Recitation Brings Poetry Alive for Students
Look out, President Barack Obama: There’s a new group of talented public speakers in town. Today marks the finals of Poetry Out Loud, a national competition in which high school students recite poetry for prize money.
Students from all 50 states, Washington, D.C., Puerto Rico and the U.S. Virgin Islands will vie for a first place prize of $20,000 in a competition sponsored by the Poetry Foundation and the National Endowment for the Arts. The students will be honored this morning at a Congressional breakfast held in the Cannon House Office Building Caucus Room. The competition will take place at George Washington University’s Lisner Auditorium. Students, who will be judged on their recitation skills, will select three poems from the Poetry Foundation’s online anthology and memorize them.
“Quite often they pick poems that they identify with personally,” Poetry Foundation President John Barr says.
The panel of judges consists of author Garrison Keillor, actress Alfre Woodard, poets Valerie Martínez and Jane Shore, critic Adam Kirsch and 2009 Poetry Out Loud national champion William Farley. More than 300,000 students have participated in this year’s competition, and 53 of them flew into D.C. to compete in Monday’s semifinals. Nine will compete in the finals tonight.
“I think of this thing as the poetry equivalent of the national spelling bee,” Barr says. “Instead of hearing a high school student spell a difficult word, they are reciting a poem, which is interesting.”
The competition, which began in 2005, aims to get high school students interested in poetry in the hopes of sparking a lifelong love of the written word. The Poetry Foundation’s research shows that adults who love poetry began reading it at an early age.
“Our experience is that when we’re 16 or 18 or 14 years old and we are required to memorize things like a piece of literature, it often stays with us for the rest of our lives,” Barr says. “There’s sort of a magic moment in the state of mind in people who are in that age group, and when they are exposed to great literature and lasting poetry in a deep and intense way, it has a way of staying with them.”

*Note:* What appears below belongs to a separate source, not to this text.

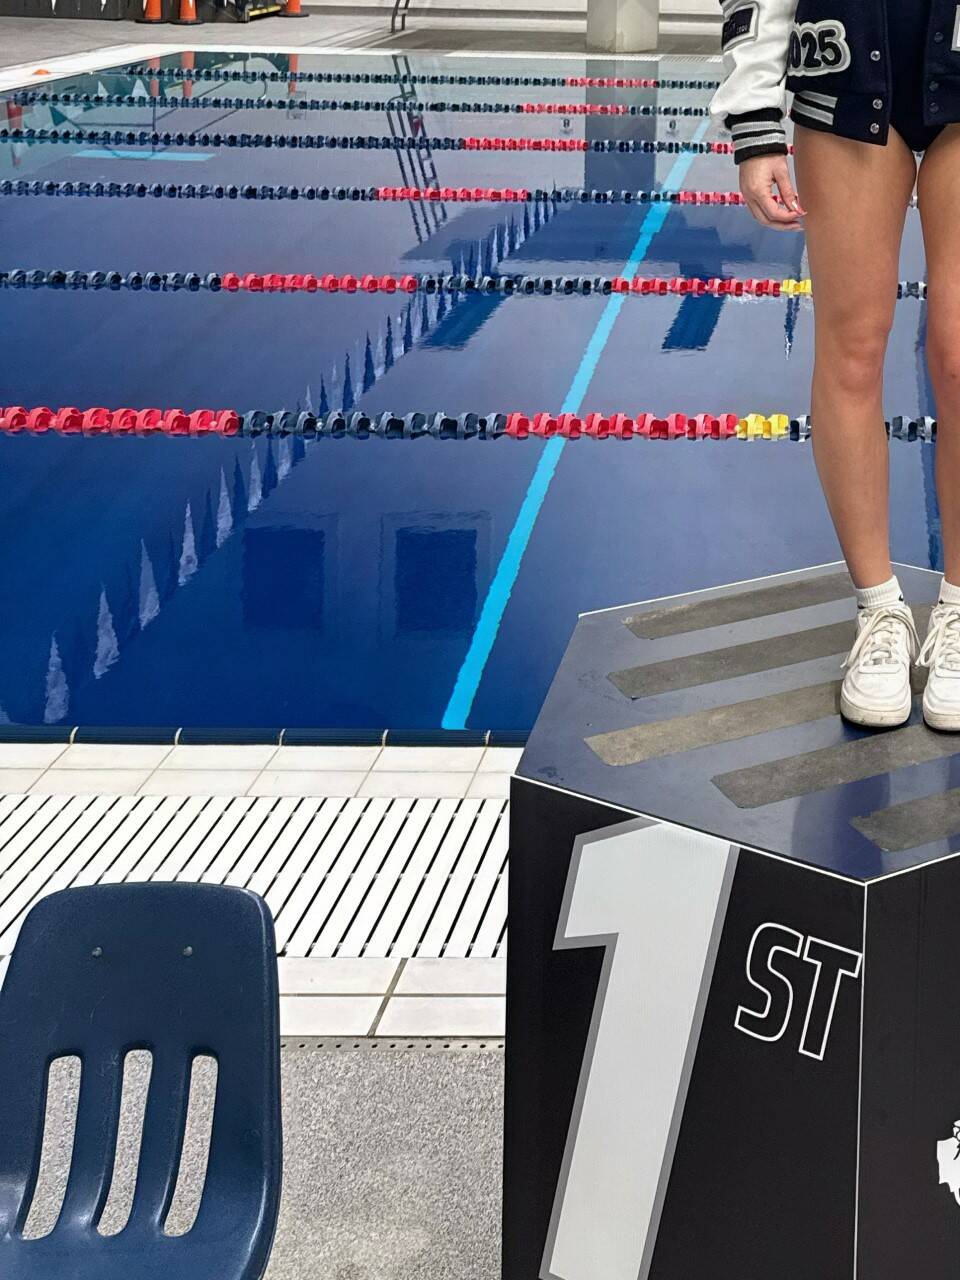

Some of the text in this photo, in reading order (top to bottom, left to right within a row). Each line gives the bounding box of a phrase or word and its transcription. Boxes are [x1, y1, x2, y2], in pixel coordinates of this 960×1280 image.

[788, 28, 842, 68] 025
[539, 817, 863, 1280] 1 ST
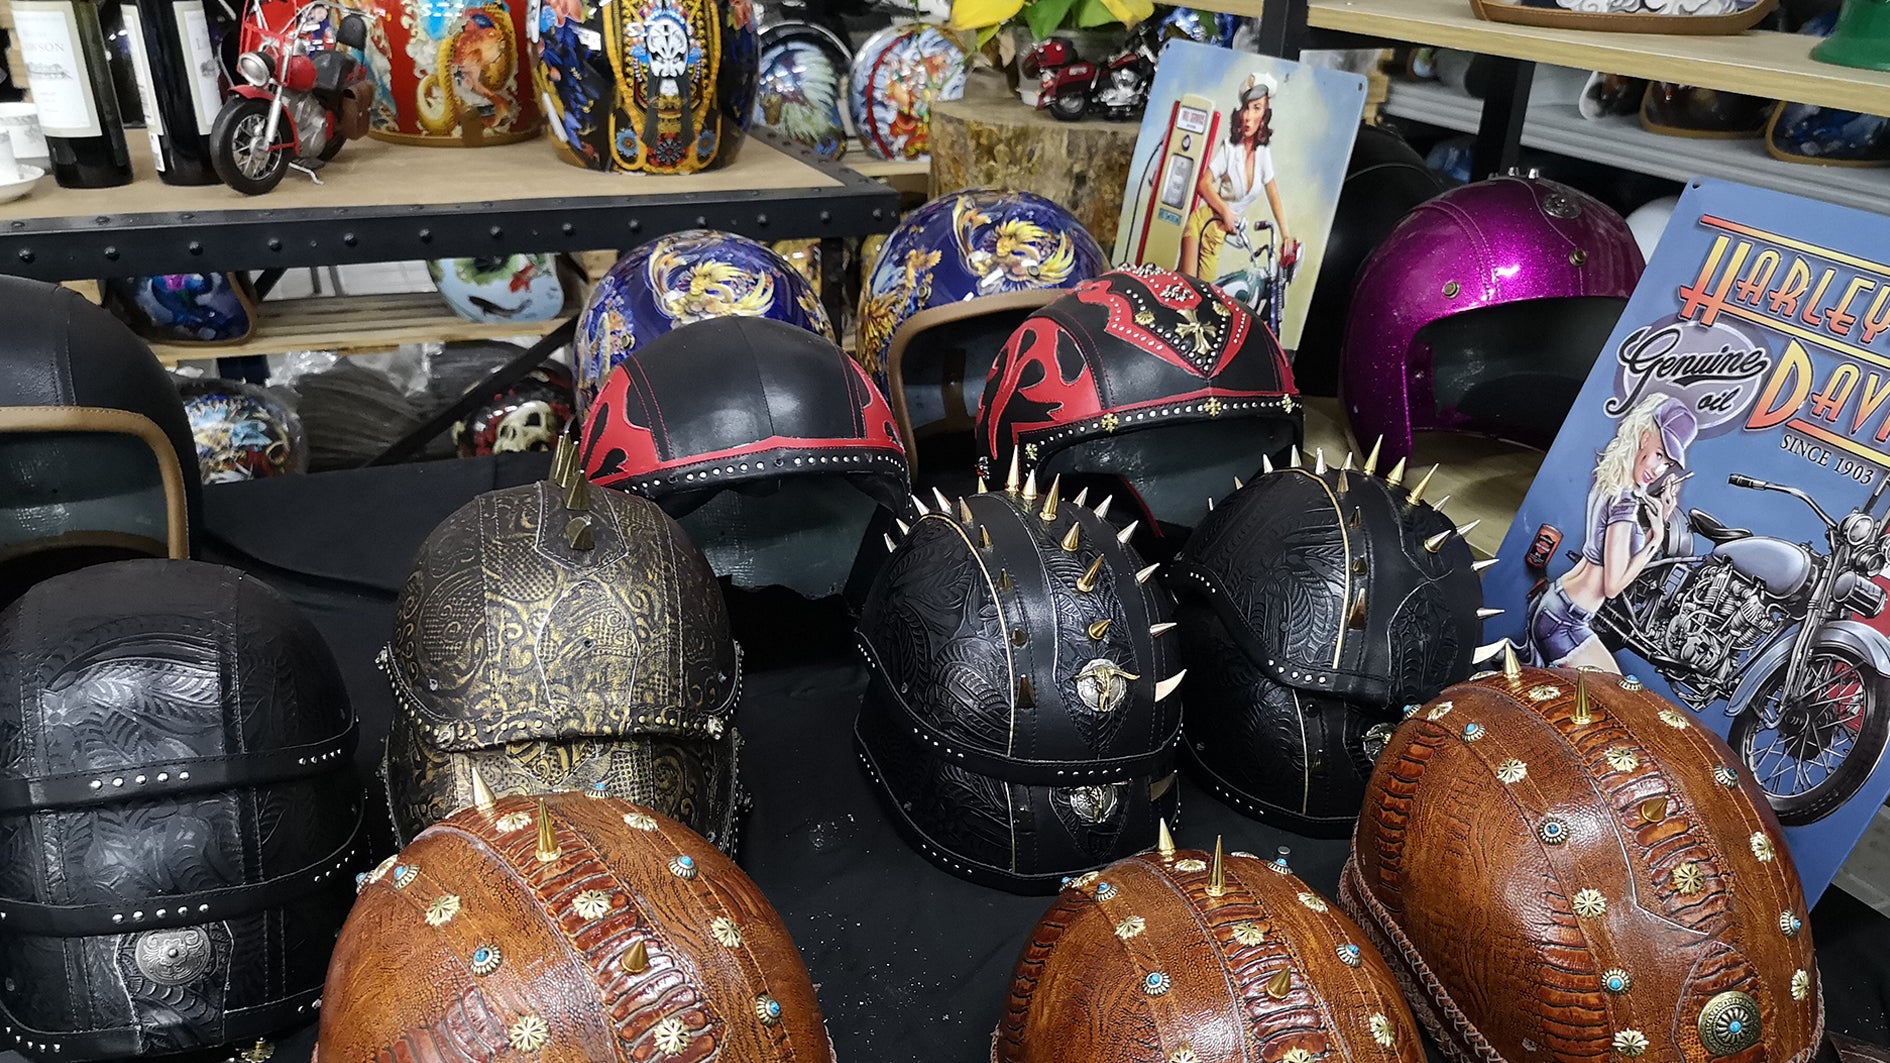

Barr became involved in the Poetry Foundation after spending 30 years on Wall Street. An investment banker by day and poet by night, Barr has published several anthologies of his work. In addition to hosting Poetry Out Loud, the foundation is also responsible for publishing Poetry Magazine, which discovered T.S. Eliot, among others.
Last week, the foundation unveiled a new headquarters in Chicago, which features 35,000 volumes of poetry that are available to the public as well as an auditorium designed for spoken-word performances.
The Poetry Out Loud national champion will be awarded $20,000, while second place will receive $10,000. The student who places third will receive $5,000.